本文為您介紹DataHub不同數據類型對應操作的支持情況,不同數據類型的分片策略、數據格式及相關消息示例。
不同數據類型對應操作的支持情況
Topic是DataHub訂閱和發布的最小單位,用戶可以用Topic來表示一類或者一種流數據。目前支持Tuple與Blob兩種類型:
DataHub類型 | 寫入DML消息 | 寫入上游心跳消息 | 寫入DDL消息 | 源表和目標topic映射方式 | 數據類型 |
Tuple | 支持 | 不支持 | 不支持 | 單表對單topic | DataHub支持的類型 |
Blob | 支持 | 支持 | 支持 | 單庫(多表)對單topic | Blob二進制數據 |
Tuple類型由于schema各字段在topic創建后無法更改,所以適用于schema固定,且源表無add column、drop column等改變schema的DDL操作場景。Tuple類型不支持保留上游傳遞的DDL消息以及心跳消息,即Tuple不能將此類消息透穿給消費DataHub的下游。而且源表和topic的映射方式為單表對單topic,如果源表數量過多,則需要創建大量的topic,將不便于下游消費。

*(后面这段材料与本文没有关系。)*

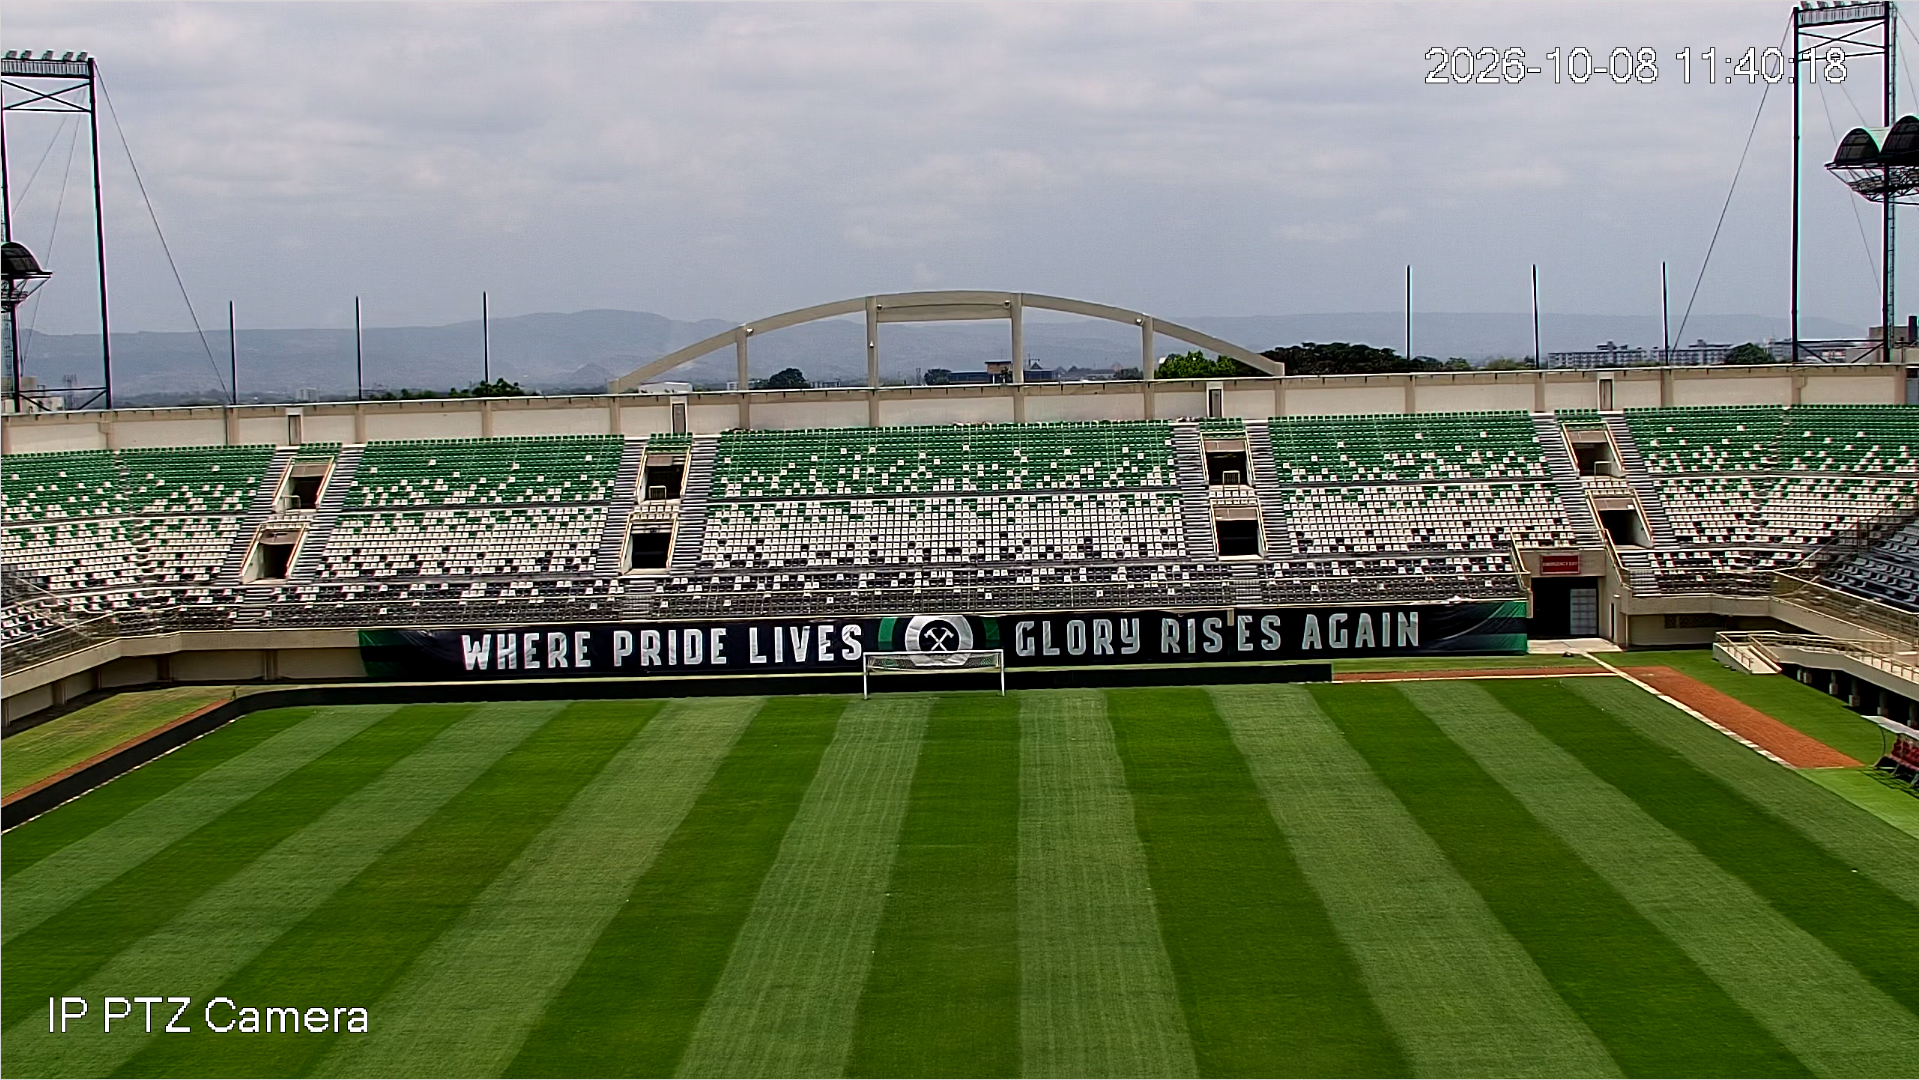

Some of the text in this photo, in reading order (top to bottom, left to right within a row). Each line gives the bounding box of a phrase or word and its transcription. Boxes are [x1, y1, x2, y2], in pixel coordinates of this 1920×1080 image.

[461, 612, 1419, 671] WHERE PRIDE LIVES GLORY RISES AGAIN

Blob類型由于不存在schema,topic內只存放Blob二進制數據,因此有較大的自由度。支持存放源表的DDL消息和源端的心跳消息,可傳遞給下游消費,且采用單庫(多表)對單topic的映射方式,不論源表數量多少僅需創建一個topic,方便下游消費。更適用于DataHub作為中間消息隊列進行整庫遷移的場景。
不同數據類型分片策略
Shard表示對DataHub的一個topic進行數據傳輸的并發通道,單個Shard寫入速率有上限,多個Shard可以提高寫入性能,但DataHub僅能保證單個Shard在消費時的有序性,不保證多個Shard之間消息的順序。因此,為了既能通過增加Shard數量提高寫入性能,又能夠保證多個Shard之間消息的有序性,同時避免數據傾斜,現針對Blob和Tuple類型提供以下分片策略。
場景 | Tuple | Blob |
有主鍵(包含自定義主鍵) | 按主鍵進行分片 | 按主鍵進行分片 |
順序保證 | 同一主鍵消息保證有序 | 同一主鍵消息保證有序 |
無主鍵 | 隨機分片 | 按表名進行分片 |
順序保證 | 不保證有序 | 同一表消息保證有序 |
同步數據格式
Tuple
數據類型為DataHub Tuple topic自身支持的類型。當使用數據集成創建的topic時,會增加部分元數據列。其中
_sequence_id_
、_excute_time_
、_source_table_
、_before_image_
、_after_image_
為元信息列。參數
描述
_sequence_id_
string類型,由數字組成,每條消息唯一(update before和update after共用一個sequence id)。
_excute_time_
數據產生時間。
_source_table_
數據源表名。
_before_image_
前鏡像(update before和delete為Y,update after和insert為N)。
_after_image_
后鏡像(update before和delete為N,update after和insert為Y)。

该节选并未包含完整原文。